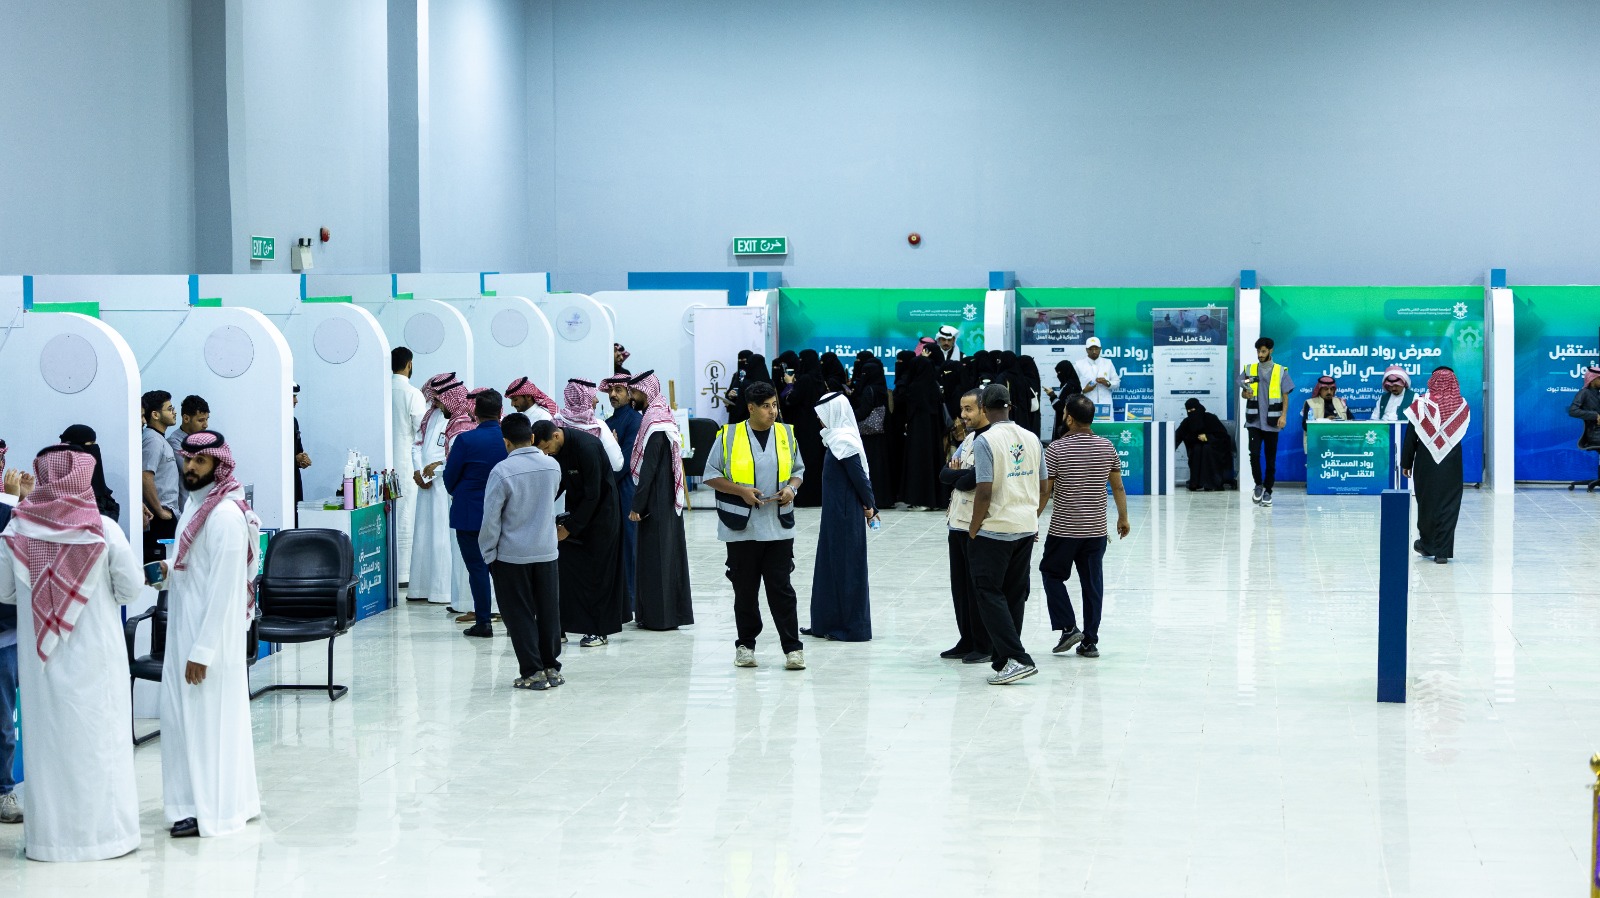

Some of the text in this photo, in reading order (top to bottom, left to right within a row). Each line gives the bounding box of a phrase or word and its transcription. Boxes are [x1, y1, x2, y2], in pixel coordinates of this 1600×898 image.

[253, 240, 262, 256] EXIT
[263, 241, 273, 256] خروج
[738, 240, 757, 252] EXIT
[760, 239, 782, 251] خروج
[1124, 346, 1148, 361] رواد
[1302, 344, 1442, 361] معرض رواد المستقبل
[1322, 360, 1356, 378] الأول
[1321, 450, 1374, 458] معرض
[1322, 460, 1374, 470] رواد المستقبل
[1320, 469, 1374, 480] التقني الأول
_____
- [What you are asked to do] Please keep the pictures out and reproduce the records above exactly.

- [Solution to the exercise]
Some of the text in this photo, in reading order (top to bottom, left to right within a row). Each line gives the bounding box of a phrase or word and its transcription. Boxes are [x1, y1, x2, y2], in pixel coordinates of this 1600×898 image.

[253, 240, 262, 256] EXIT
[263, 241, 273, 256] خروج
[738, 240, 757, 252] EXIT
[760, 239, 782, 251] خروج
[1124, 346, 1148, 361] رواد
[1302, 344, 1442, 361] معرض رواد المستقبل
[1322, 360, 1356, 378] الأول
[1321, 450, 1374, 458] معرض
[1322, 460, 1374, 470] رواد المستقبل
[1320, 469, 1374, 480] التقني الأول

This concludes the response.